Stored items
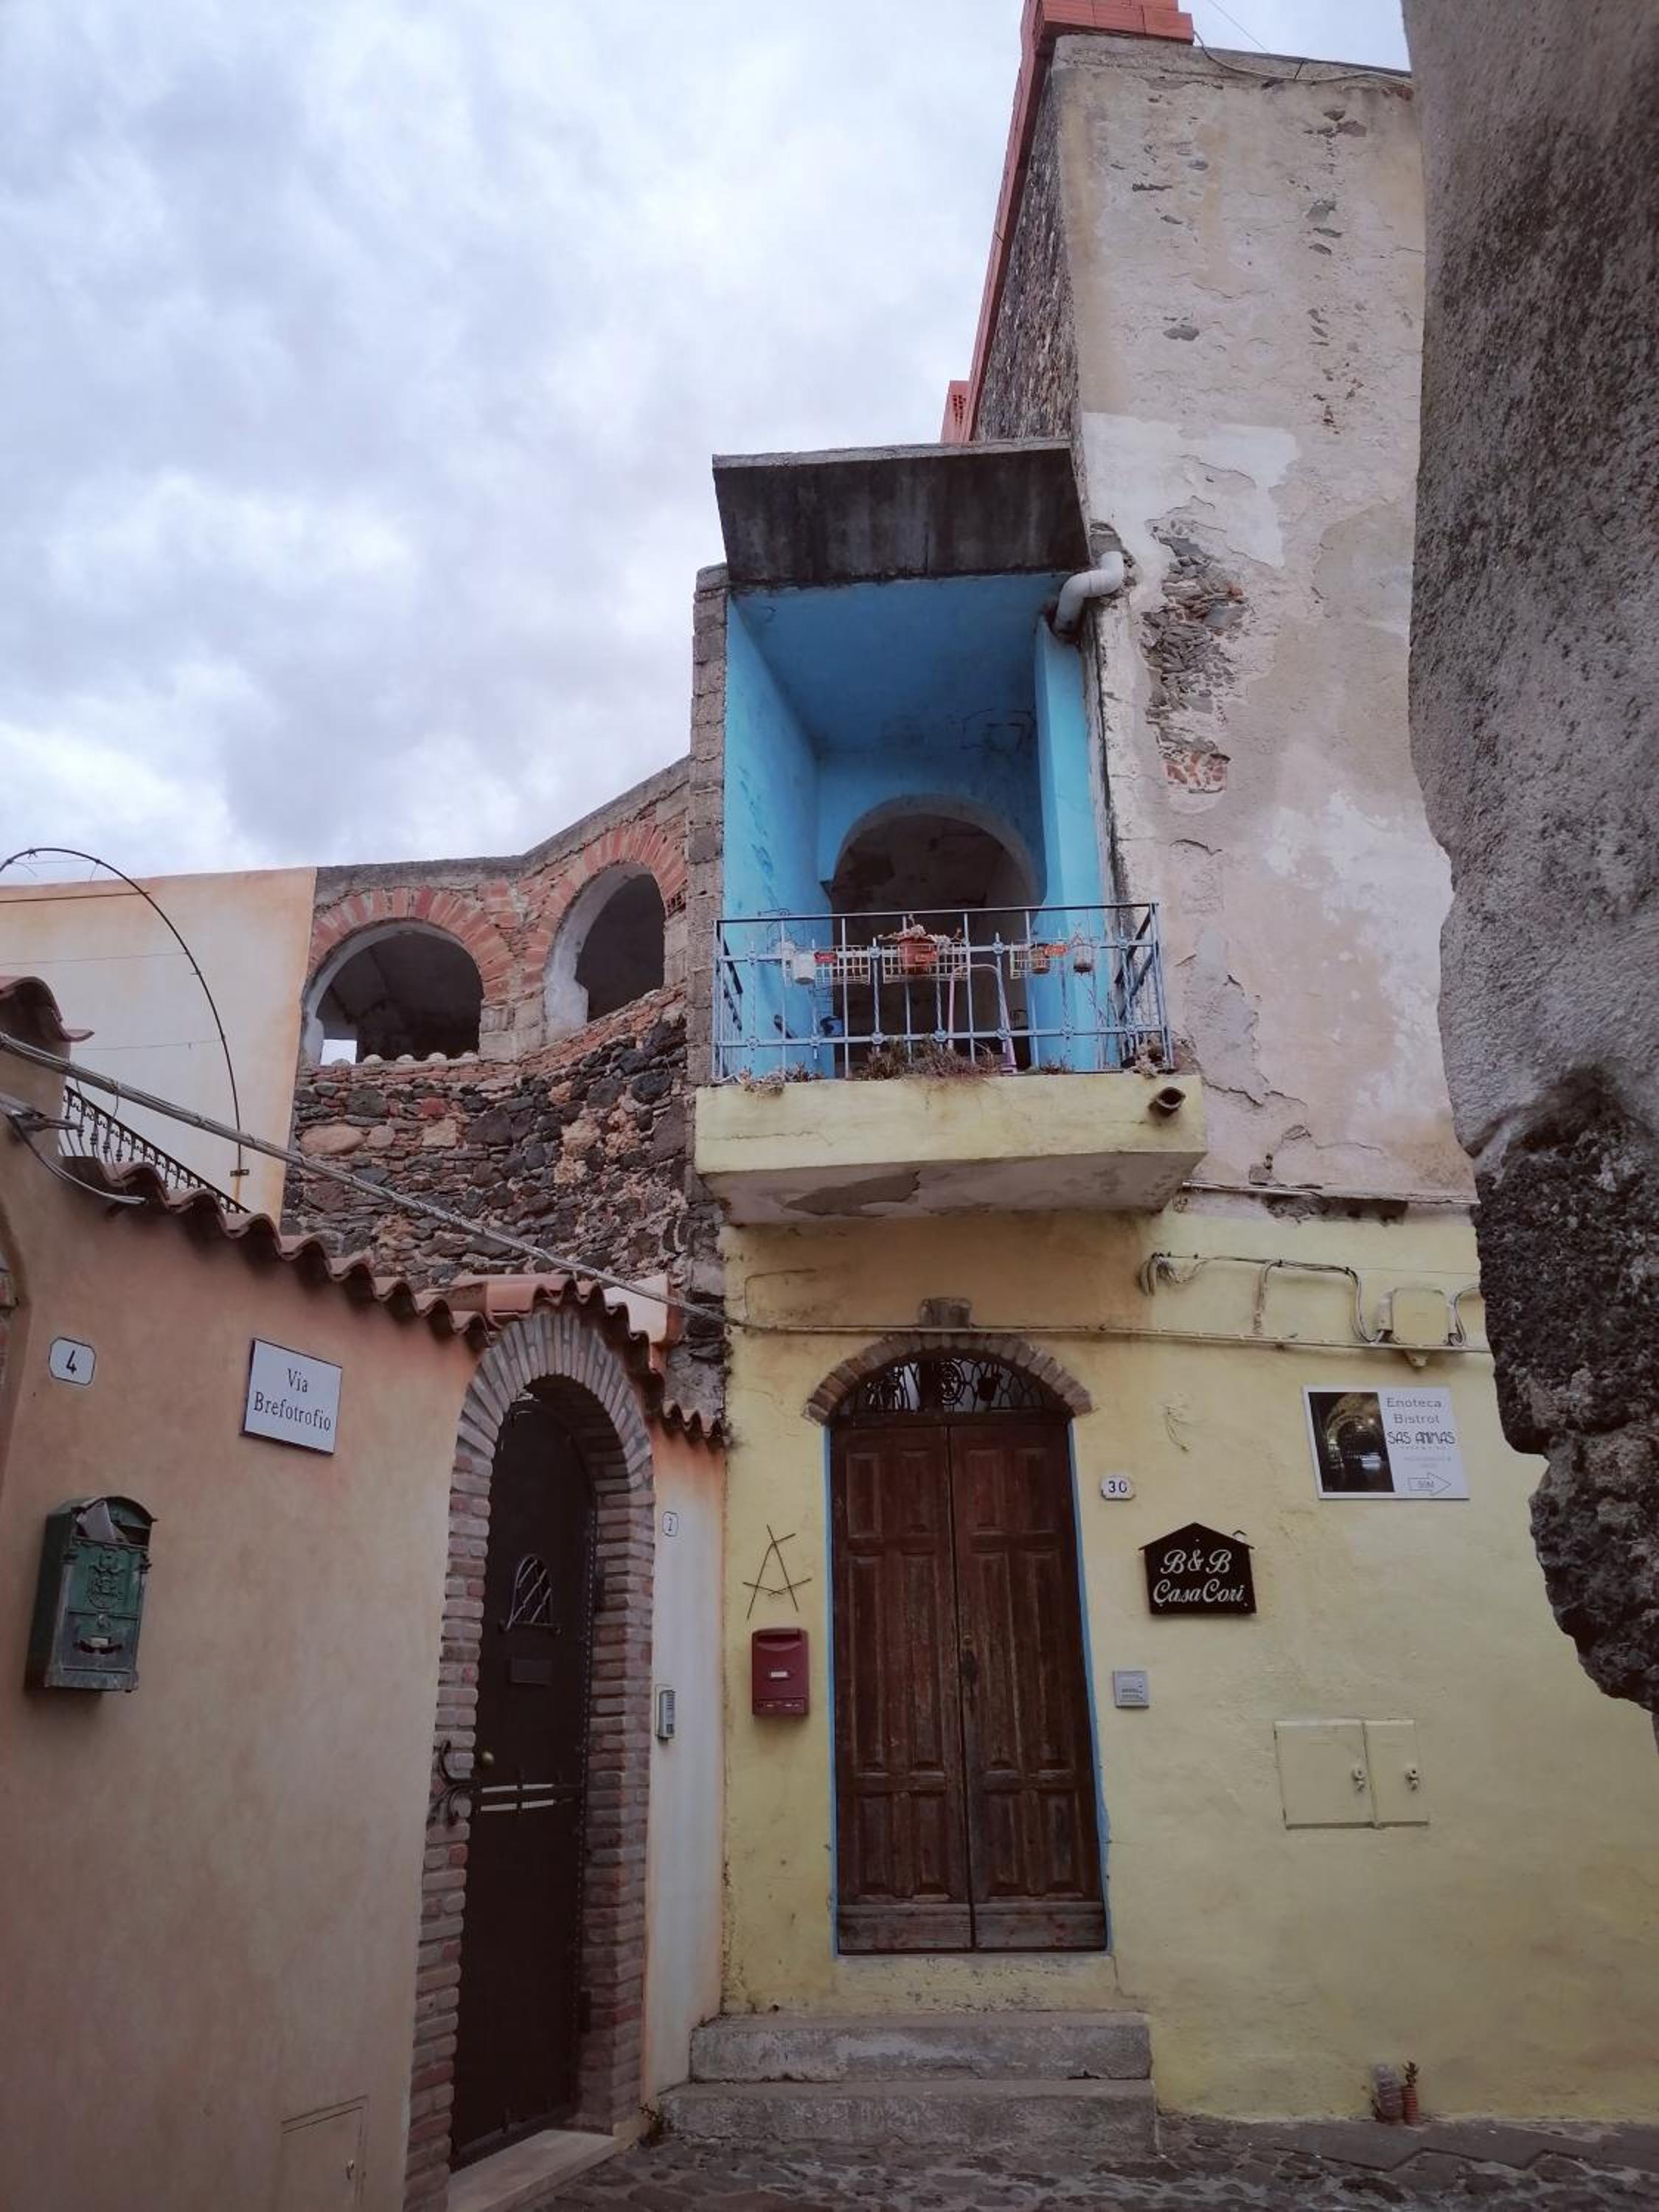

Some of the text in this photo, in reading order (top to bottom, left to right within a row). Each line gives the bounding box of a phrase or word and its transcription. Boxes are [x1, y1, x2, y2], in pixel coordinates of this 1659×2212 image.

[66, 1349, 77, 1375] 4
[287, 1368, 308, 1393] Via
[1386, 1397, 1442, 1408] Enoteca
[253, 1391, 332, 1431] Brefotrofio
[1393, 1413, 1440, 1425] Bistrot
[1386, 1430, 1411, 1445] SAS
[1107, 1480, 1128, 1494] 30
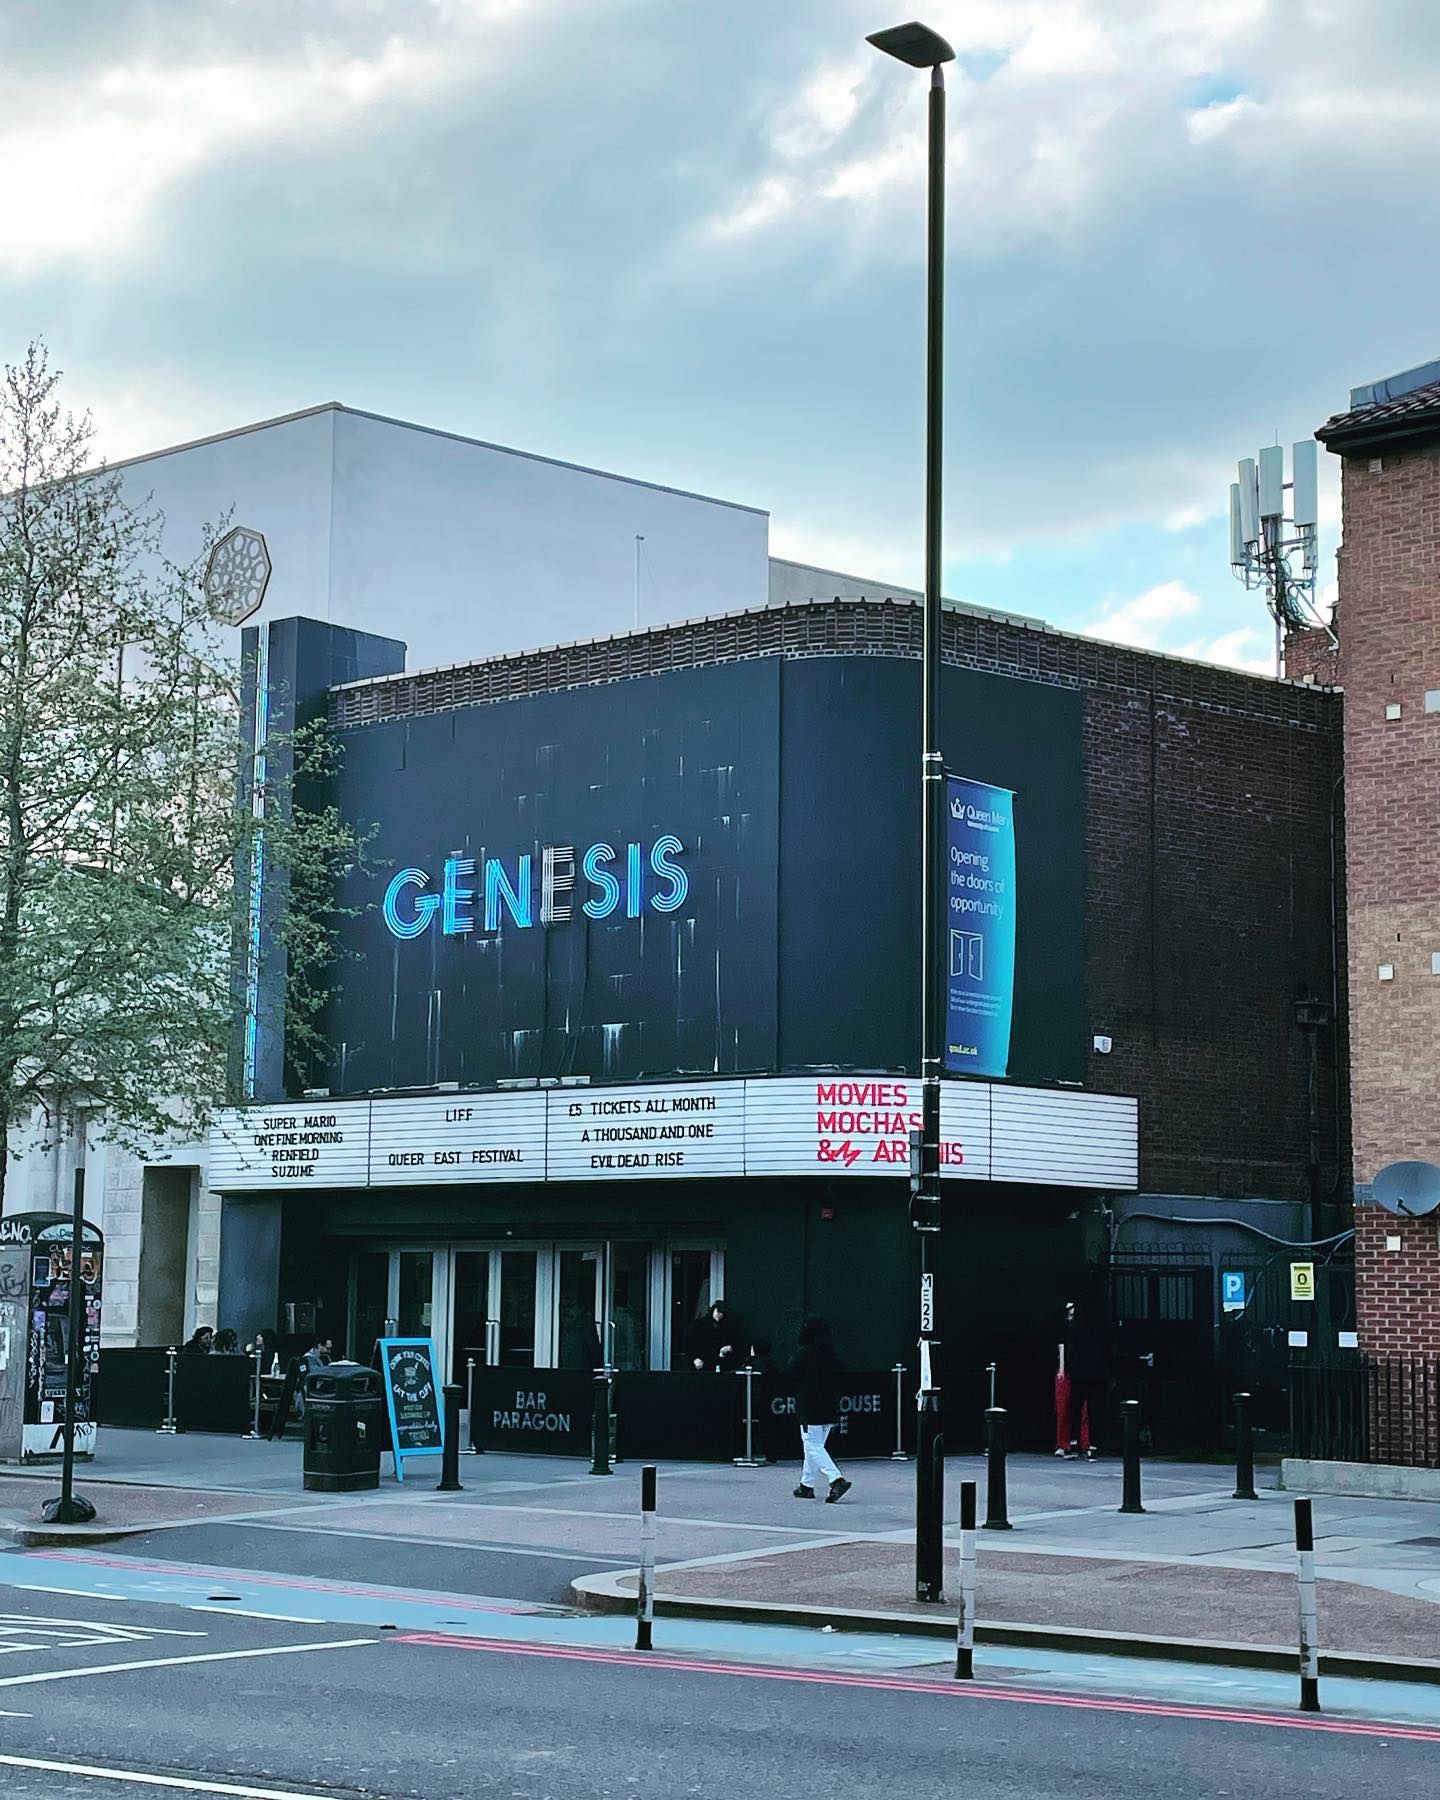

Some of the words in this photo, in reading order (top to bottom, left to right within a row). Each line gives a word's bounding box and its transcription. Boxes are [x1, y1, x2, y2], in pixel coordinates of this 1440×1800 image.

[966, 805, 991, 823] Queen
[950, 846, 989, 872] Opening
[383, 834, 689, 940] GENESIS
[950, 869, 965, 887] the
[966, 873, 994, 893] doors
[950, 896, 1005, 921] opportunity
[816, 1083, 908, 1107] MOVIES
[445, 1108, 473, 1122] LIFF
[568, 1103, 582, 1117] £5
[591, 1100, 641, 1115] TICKETS
[645, 1098, 668, 1112] ALL
[672, 1096, 716, 1111] MONTH
[263, 1117, 296, 1130] SUPER
[304, 1115, 336, 1128] MARIO
[816, 1111, 926, 1135] MOCHAS
[254, 1134, 275, 1146] ONE
[276, 1132, 298, 1145] FINE
[299, 1131, 343, 1144] MORNING
[581, 1129, 590, 1142] A
[594, 1127, 657, 1142] THOUSAND
[659, 1125, 685, 1140] AND
[688, 1124, 714, 1138] ONE
[271, 1148, 319, 1161] RENFIELD
[388, 1152, 424, 1166] QUEER
[434, 1151, 462, 1165] EAST
[472, 1149, 523, 1163] FESTIVAL
[590, 1154, 616, 1168] EVIL
[617, 1153, 649, 1168] DEAD
[655, 1152, 684, 1166] RISE
[271, 1164, 315, 1178] SUZUME
[1226, 1275, 1241, 1298] P
[516, 1391, 546, 1410] BAR
[493, 1410, 570, 1432] PARAGON
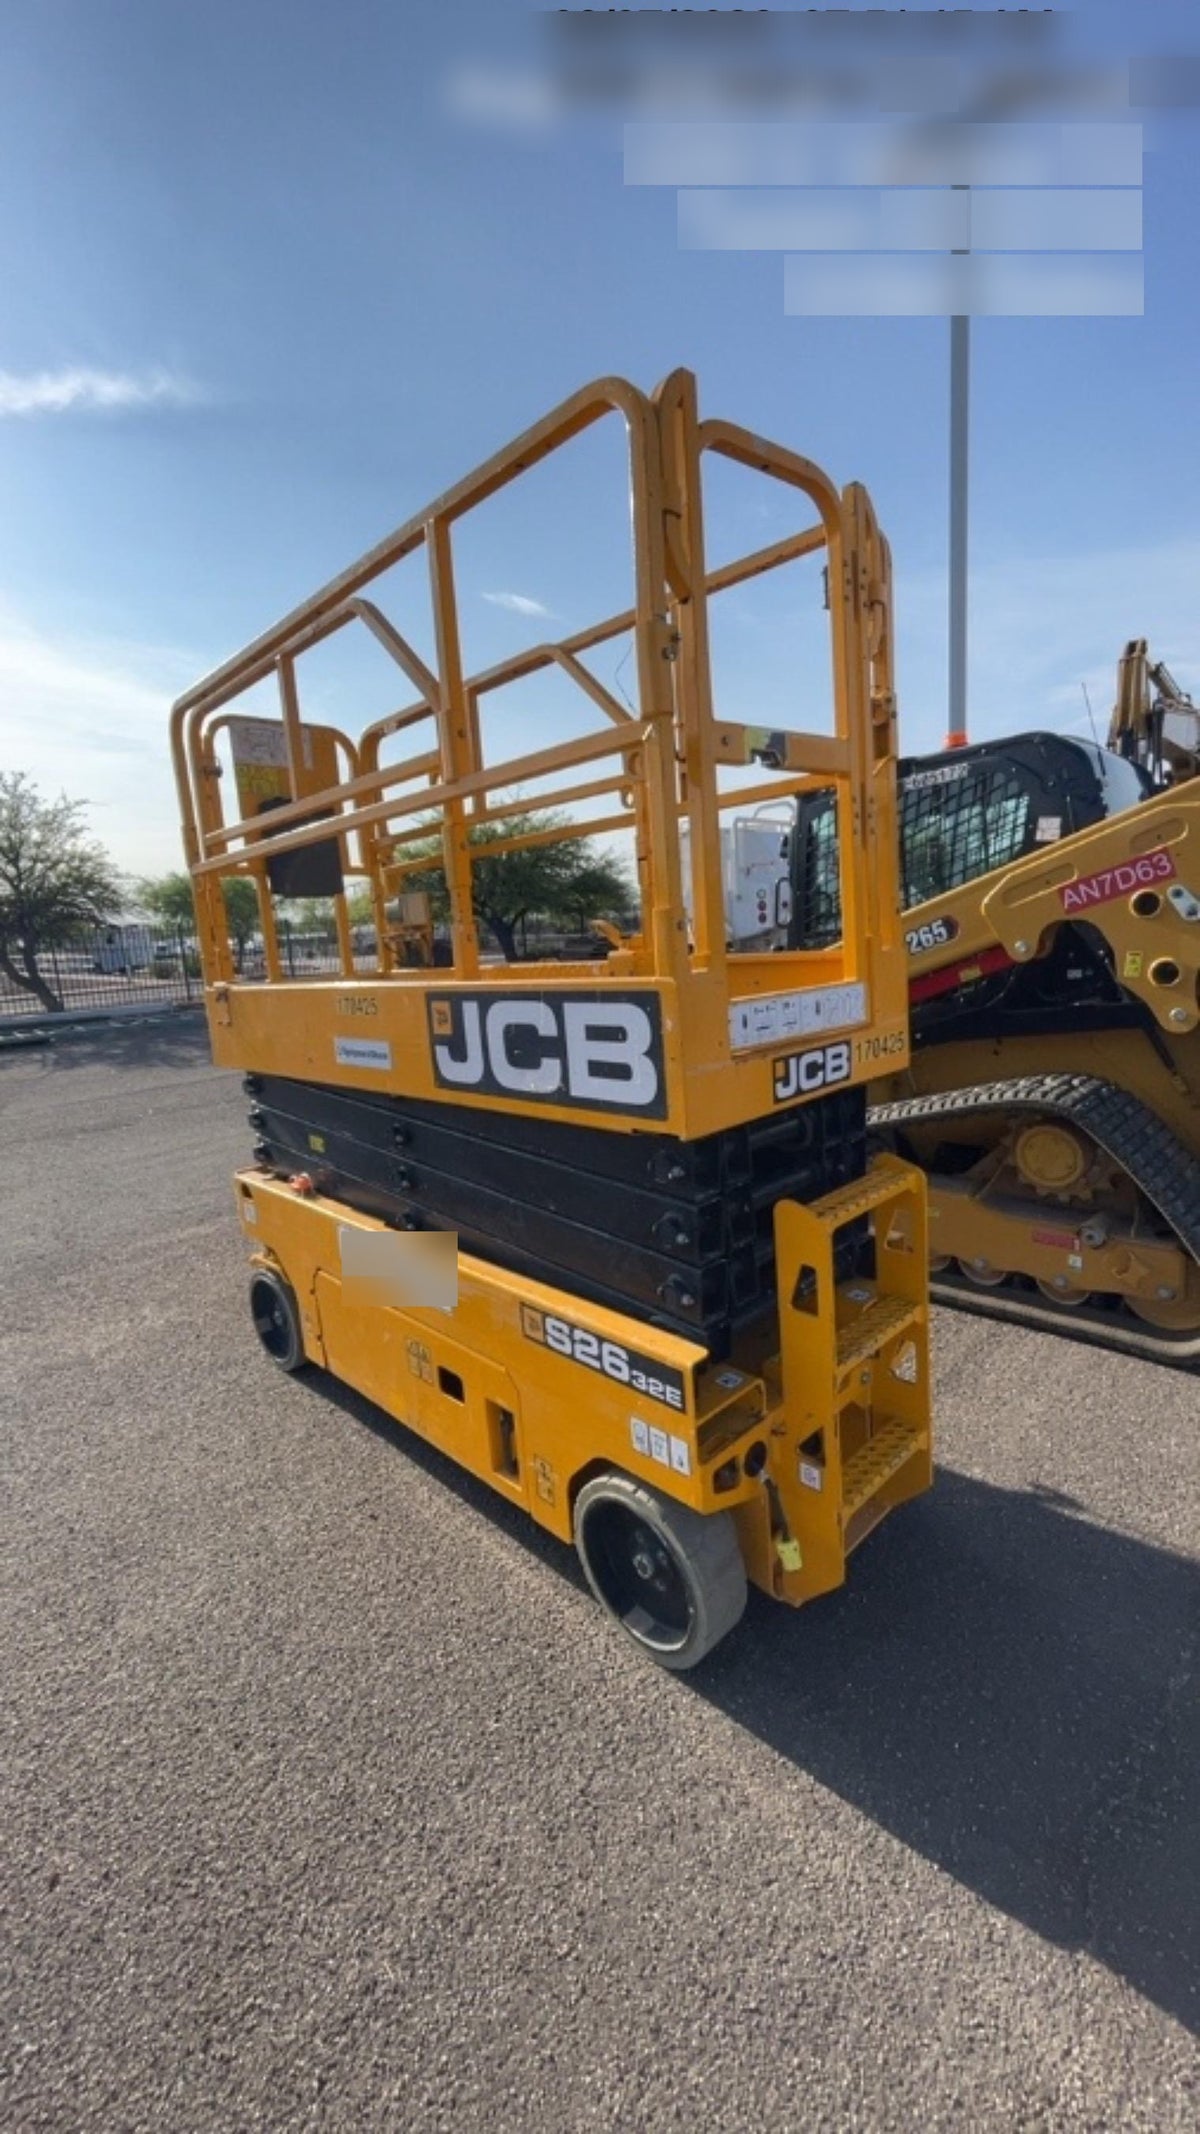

What is required – Would you copy out the data exactly, leaving every picture out?

Response to the exercise –
Some of the text in this photo, in reading order (top to bottom, left to right within a row). Each line gives the bounding box of a phrase or word and its transcription. Boxes are [x1, y1, x2, y2], in pixel coordinates of this 1659×2212 image.

[66, 1349, 77, 1375] 4
[287, 1368, 308, 1393] Via
[1386, 1397, 1442, 1408] Enoteca
[253, 1391, 332, 1431] Brefotrofio
[1393, 1413, 1440, 1425] Bistrot
[1386, 1430, 1411, 1445] SAS
[1107, 1480, 1128, 1494] 30

Some of the words in this photo, in reading order (top to bottom, left to right within a row). Each line gives a word's bounding box and its transcription. Boxes are [x1, y1, x2, y2], in pixel coordinates of this 1440×1800 image.

[966, 805, 991, 823] Queen
[950, 846, 989, 872] Opening
[383, 834, 689, 940] GENESIS
[950, 869, 965, 887] the
[966, 873, 994, 893] doors
[950, 896, 1005, 921] opportunity
[816, 1083, 908, 1107] MOVIES
[445, 1108, 473, 1122] LIFF
[568, 1103, 582, 1117] £5
[591, 1100, 641, 1115] TICKETS
[645, 1098, 668, 1112] ALL
[672, 1096, 716, 1111] MONTH
[263, 1117, 296, 1130] SUPER
[304, 1115, 336, 1128] MARIO
[816, 1111, 926, 1135] MOCHAS
[254, 1134, 275, 1146] ONE
[276, 1132, 298, 1145] FINE
[299, 1131, 343, 1144] MORNING
[581, 1129, 590, 1142] A
[594, 1127, 657, 1142] THOUSAND
[659, 1125, 685, 1140] AND
[688, 1124, 714, 1138] ONE
[271, 1148, 319, 1161] RENFIELD
[388, 1152, 424, 1166] QUEER
[434, 1151, 462, 1165] EAST
[472, 1149, 523, 1163] FESTIVAL
[590, 1154, 616, 1168] EVIL
[617, 1153, 649, 1168] DEAD
[655, 1152, 684, 1166] RISE
[271, 1164, 315, 1178] SUZUME
[1226, 1275, 1241, 1298] P
[516, 1391, 546, 1410] BAR
[493, 1410, 570, 1432] PARAGON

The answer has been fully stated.